* **WHAT TO WORK ON**: Return every record below exactly as given, images excluded.

● ● ● ● ● ● ●

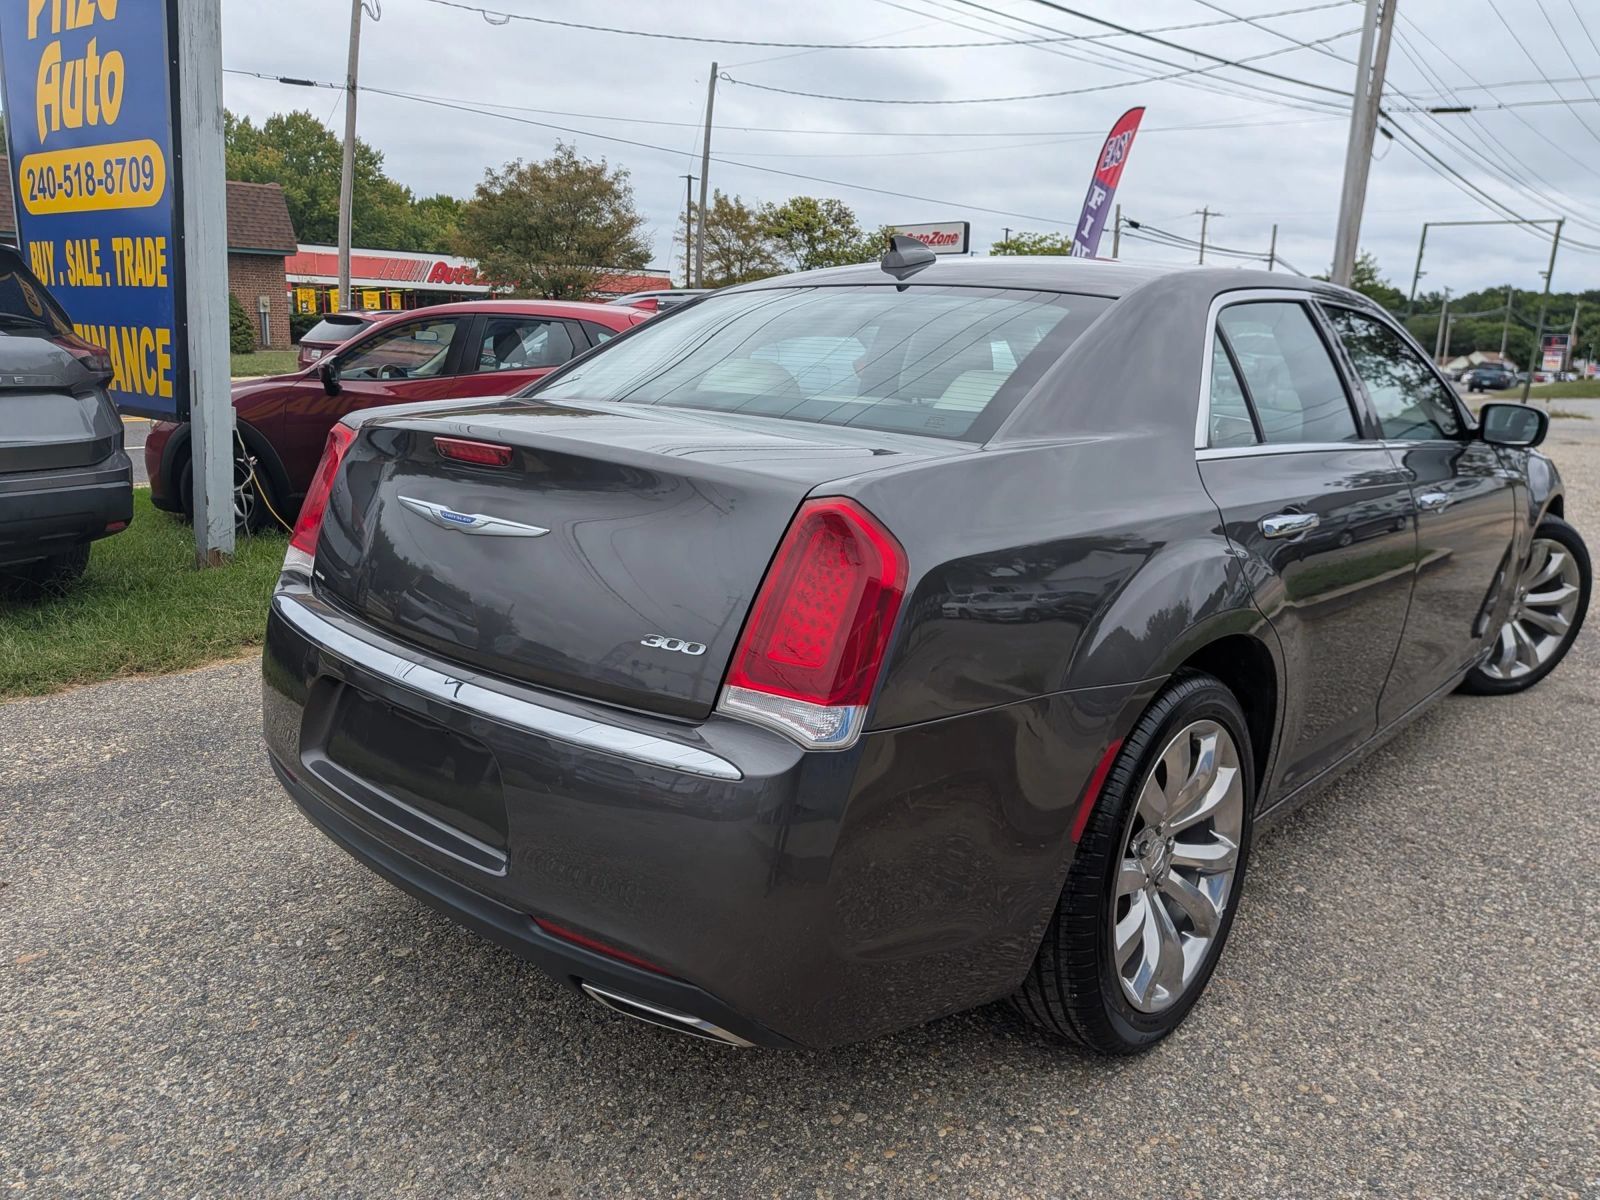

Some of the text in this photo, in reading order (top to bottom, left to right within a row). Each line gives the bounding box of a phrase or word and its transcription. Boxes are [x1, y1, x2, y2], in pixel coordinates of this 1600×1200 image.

[36, 36, 125, 145] Auto
[27, 155, 154, 202] 240-518-8709
[29, 241, 56, 287] BUY
[65, 238, 103, 287] SALE
[111, 236, 168, 288] TRADE
[907, 231, 960, 246] toZone
[73, 323, 173, 398] ANCE
[640, 633, 707, 656] 300
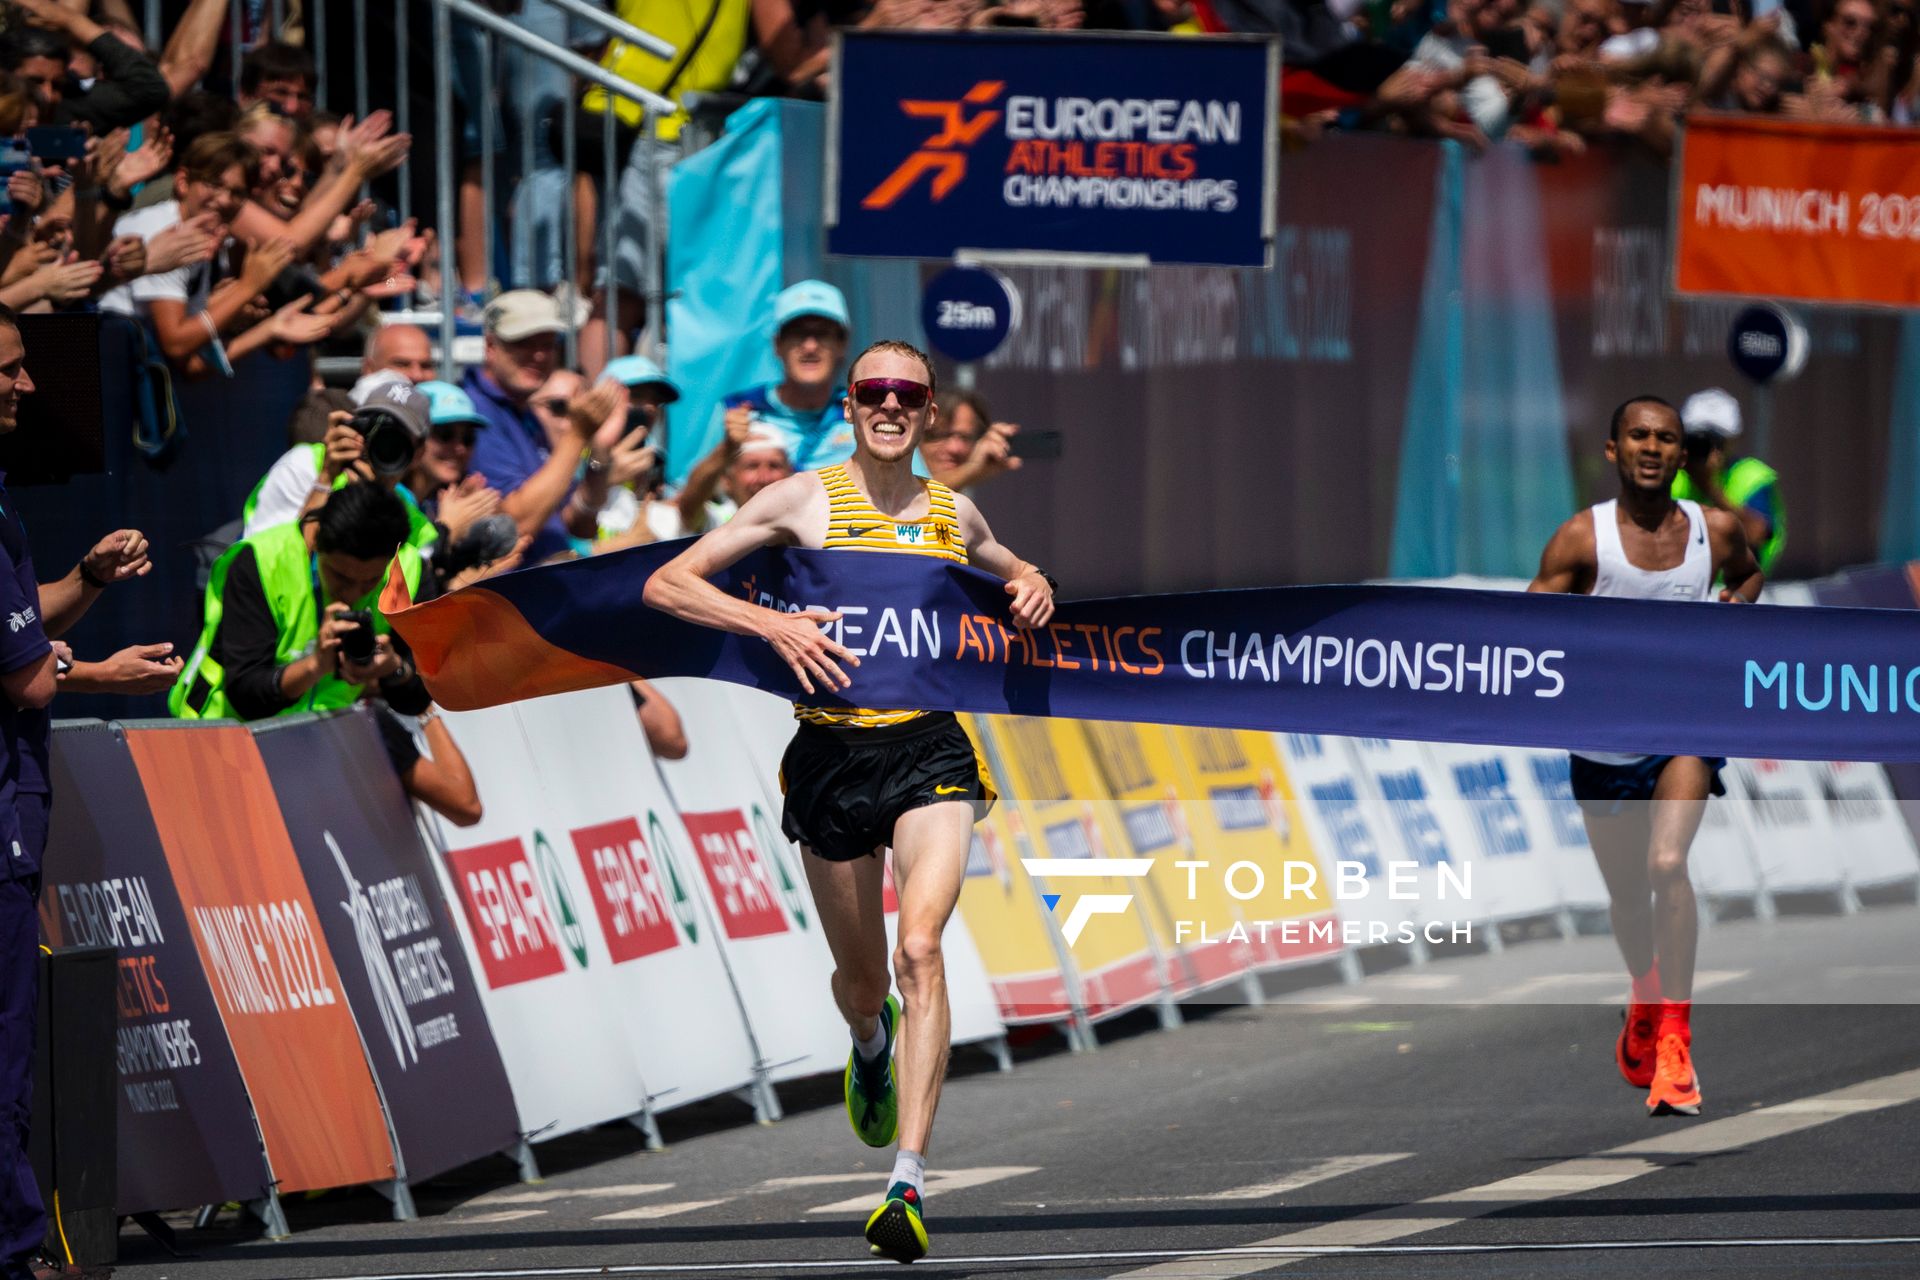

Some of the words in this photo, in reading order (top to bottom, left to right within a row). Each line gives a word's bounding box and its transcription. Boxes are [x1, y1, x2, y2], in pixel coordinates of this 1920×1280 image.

[1005, 95, 1241, 144] EUROPEAN
[1003, 175, 1238, 212] CHAMPIONSHIPS
[1005, 141, 1198, 180] ATHLETICS
[1696, 183, 1849, 236] MUNICH
[936, 300, 996, 329] 25m
[956, 614, 1165, 675] ATHLETICS
[1180, 629, 1565, 698] CHAMPIONSHIPS
[593, 838, 670, 937] SPAR
[700, 829, 778, 915] SPAR
[58, 876, 164, 948] EUROPEAN
[466, 860, 557, 960] SPAR
[194, 903, 286, 1013] MUNICH
[260, 899, 335, 1009] 2022
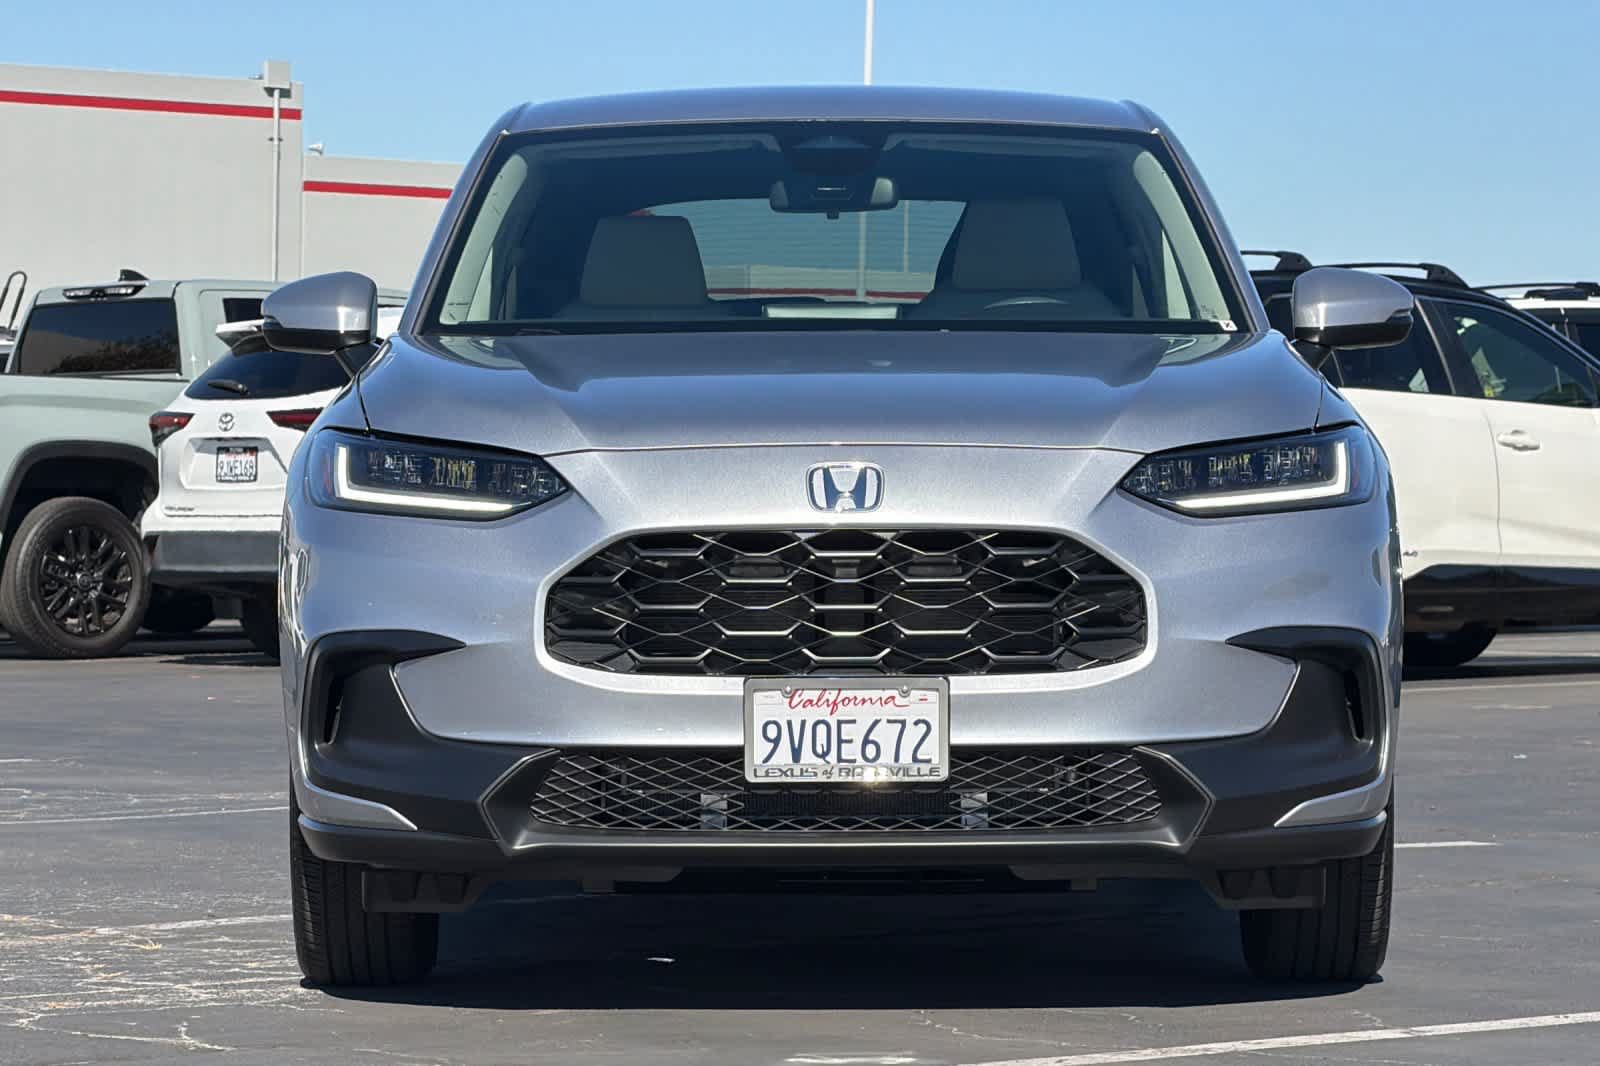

● ● ● ● ● ● ●

* **SOLVED PROBLEM**:
Some of the text in this photo, in reading order (top to bottom, left to right within a row). Each line gives the bounding box of a phrase or word and its transcription. Boxes are [x1, y1, x2, y2], in pixel coordinates of this 1600×1200 image.

[36, 36, 125, 145] Auto
[27, 155, 154, 202] 240-518-8709
[29, 241, 56, 287] BUY
[65, 238, 103, 287] SALE
[111, 236, 168, 288] TRADE
[907, 231, 960, 246] toZone
[73, 323, 173, 398] ANCE
[640, 633, 707, 656] 300

Some of the words in this photo, in reading order (top to bottom, left to right within a row). Each line gives a word's bounding box and its transcription. Boxes are [x1, y1, x2, y2], in pixel coordinates of this 1920×1280 image.

[1005, 95, 1241, 144] EUROPEAN
[1003, 175, 1238, 212] CHAMPIONSHIPS
[1005, 141, 1198, 180] ATHLETICS
[1696, 183, 1849, 236] MUNICH
[936, 300, 996, 329] 25m
[956, 614, 1165, 675] ATHLETICS
[1180, 629, 1565, 698] CHAMPIONSHIPS
[593, 838, 670, 937] SPAR
[700, 829, 778, 915] SPAR
[58, 876, 164, 948] EUROPEAN
[466, 860, 557, 960] SPAR
[194, 903, 286, 1013] MUNICH
[260, 899, 335, 1009] 2022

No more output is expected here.